A esposa de Aidar Pedro, idoso de 85 anos que perdeu a vida após ser atropelado por um ônibus em Miracatu, no Vale do Ribeira (SP), receberá uma indenização de R$ 120 mil por danos morais. O valor será pago pela empresa de transporte Viação Transcontilha, com apoio da Prefeitura de Miracatu, conforme decisão do Tribunal de Justiça de São Paulo (TJ-SP).
O trágico acidente aconteceu em outubro de 2021, quando Aidar Pedro atravessava a faixa de pedestres da Rua Rissaburo Miyagui, em Miracatu, no Vale do Ribeira (SP). Um ônibus da Viação Transcontilha, ao fazer uma conversão proibida, atingiu o idoso, que sofreu um traumatismo craniano grave. Ele ficou 70 dias internado em coma na UTI, mas não resistiu às sequelas do acidente e veio a óbito em janeiro de 2022.
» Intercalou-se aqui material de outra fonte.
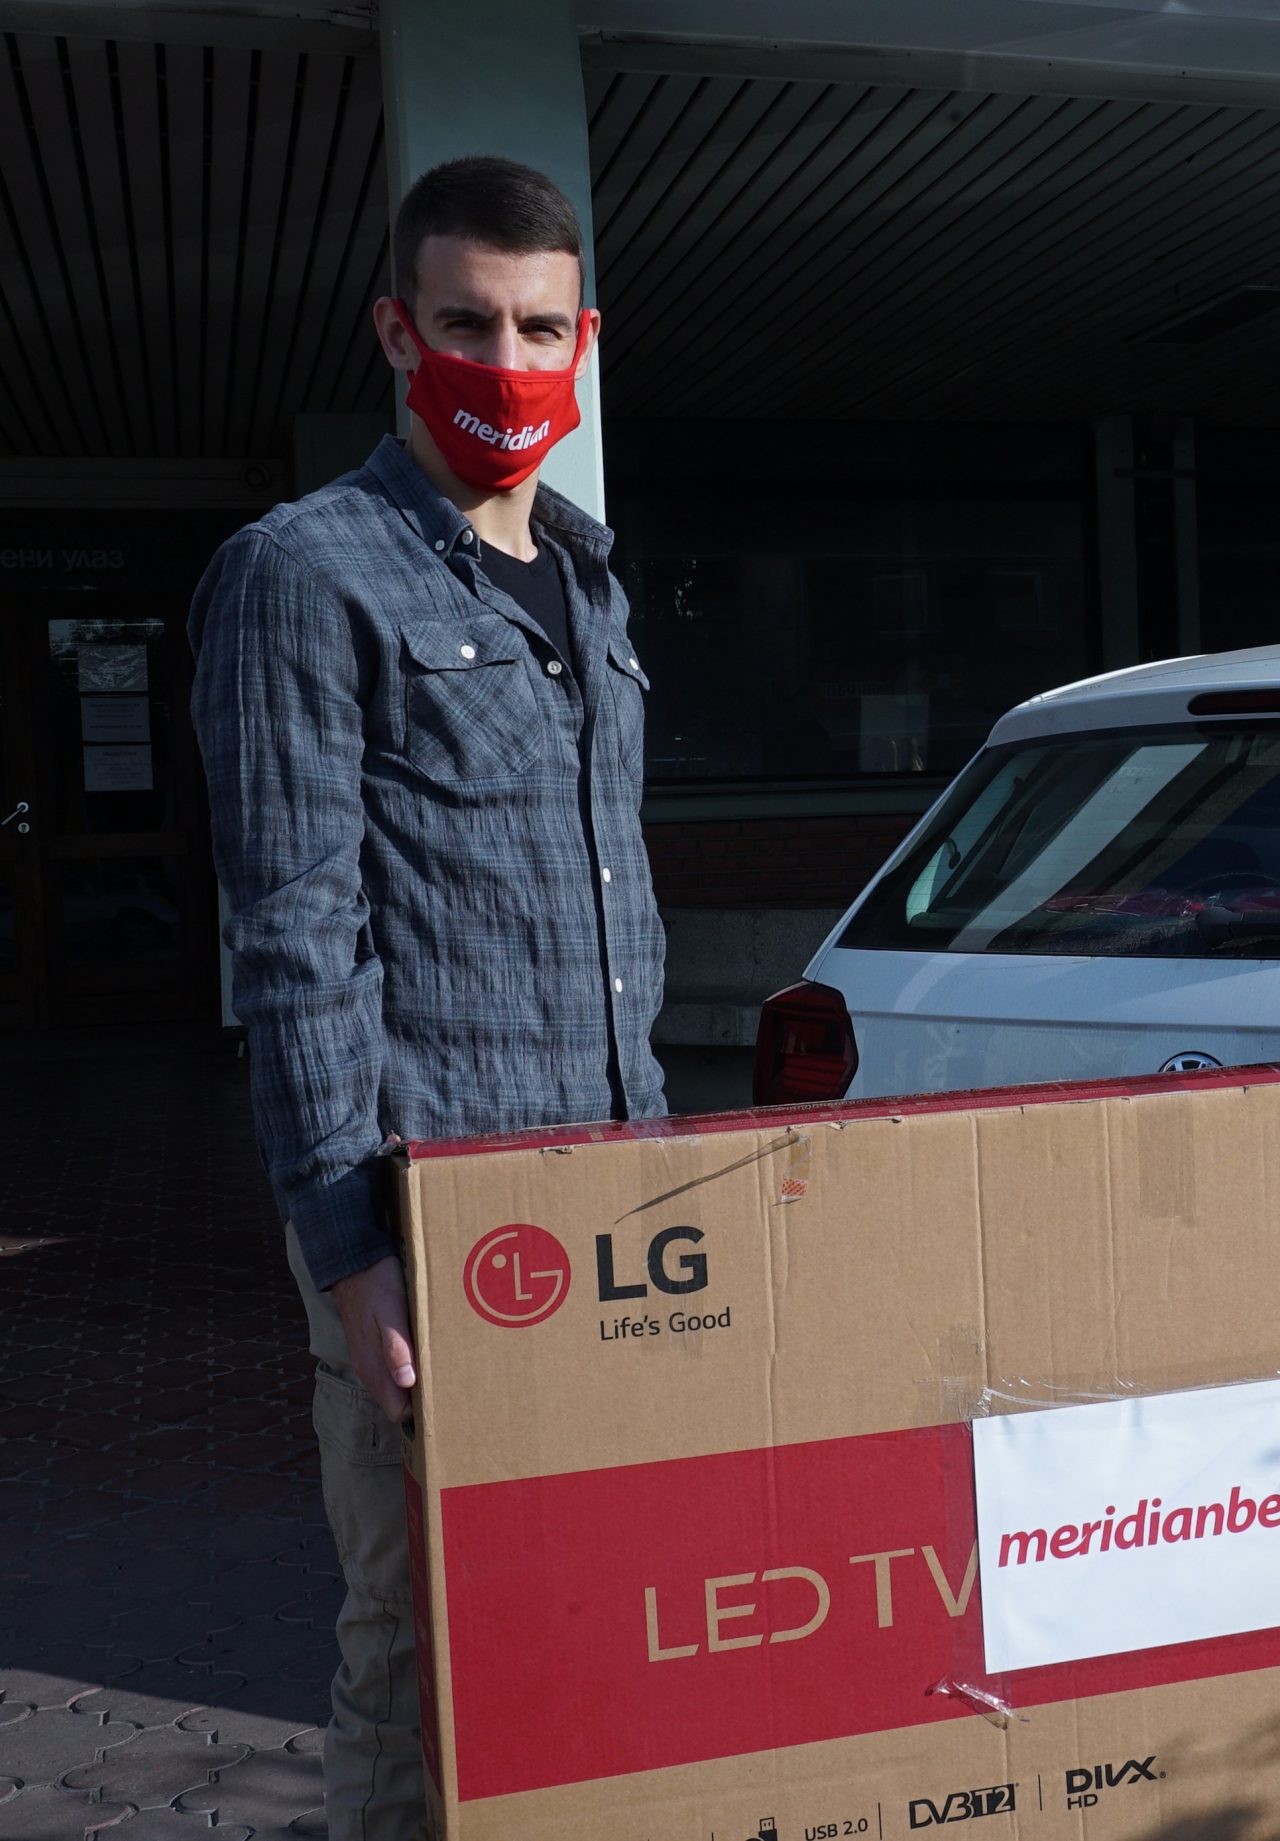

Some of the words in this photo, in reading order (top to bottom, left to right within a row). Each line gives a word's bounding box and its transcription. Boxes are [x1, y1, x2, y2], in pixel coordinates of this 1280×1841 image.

Em 2023, a viúva de Aidar Pedro ingressou com uma ação de indenização por danos morais contra a Viação Transcontilha e a Prefeitura de Miracatu. Na primeira instância, o juiz Luiz Gustavo Rosá, da 2ª Vara da Comarca de Miracatu, concedeu uma indenização de R$ 70 mil, além de lucros cessantes equivalentes a dois terços do salário-mínimo vigente, a serem pagos mensalmente por cinco anos, contados a partir da data do falecimento.
A defesa da viúva recorreu ao TJ-SP, solicitando o aumento da indenização para R$ 606 mil. O caso foi analisado pela 10ª Câmara de Direito Público, que, em decisão publicada em maio de 2024, elevou o valor para R$ 120 mil, considerando o critério de proporcionalidade.
O desembargador relator Antonio Celso Aguilar Cortez justificou a decisão com base na tabela de sobrevida do IBGE, que estima uma expectativa de vida adicional de 8 anos para pessoas acima de 80 anos. No caso de Aidar Pedro, a projeção indicava que ele teria mais 3,8 anos de vida. O magistrado destacou que o objetivo da indenização não é compensar economicamente a dor da perda, mas sim reparar moralmente o sofrimento e coibir condutas negligentes.
A decisão foi acompanhada pelos desembargadores Paulo Galizia e Marcelo Semer, mantendo-se alinhada aos princípios de razoabilidade e justiça.
A família de Aidar Pedro aguarda o cumprimento da decisão judicial, que deve ser quitada pela empresa responsável em prazo determinado pela Justiça.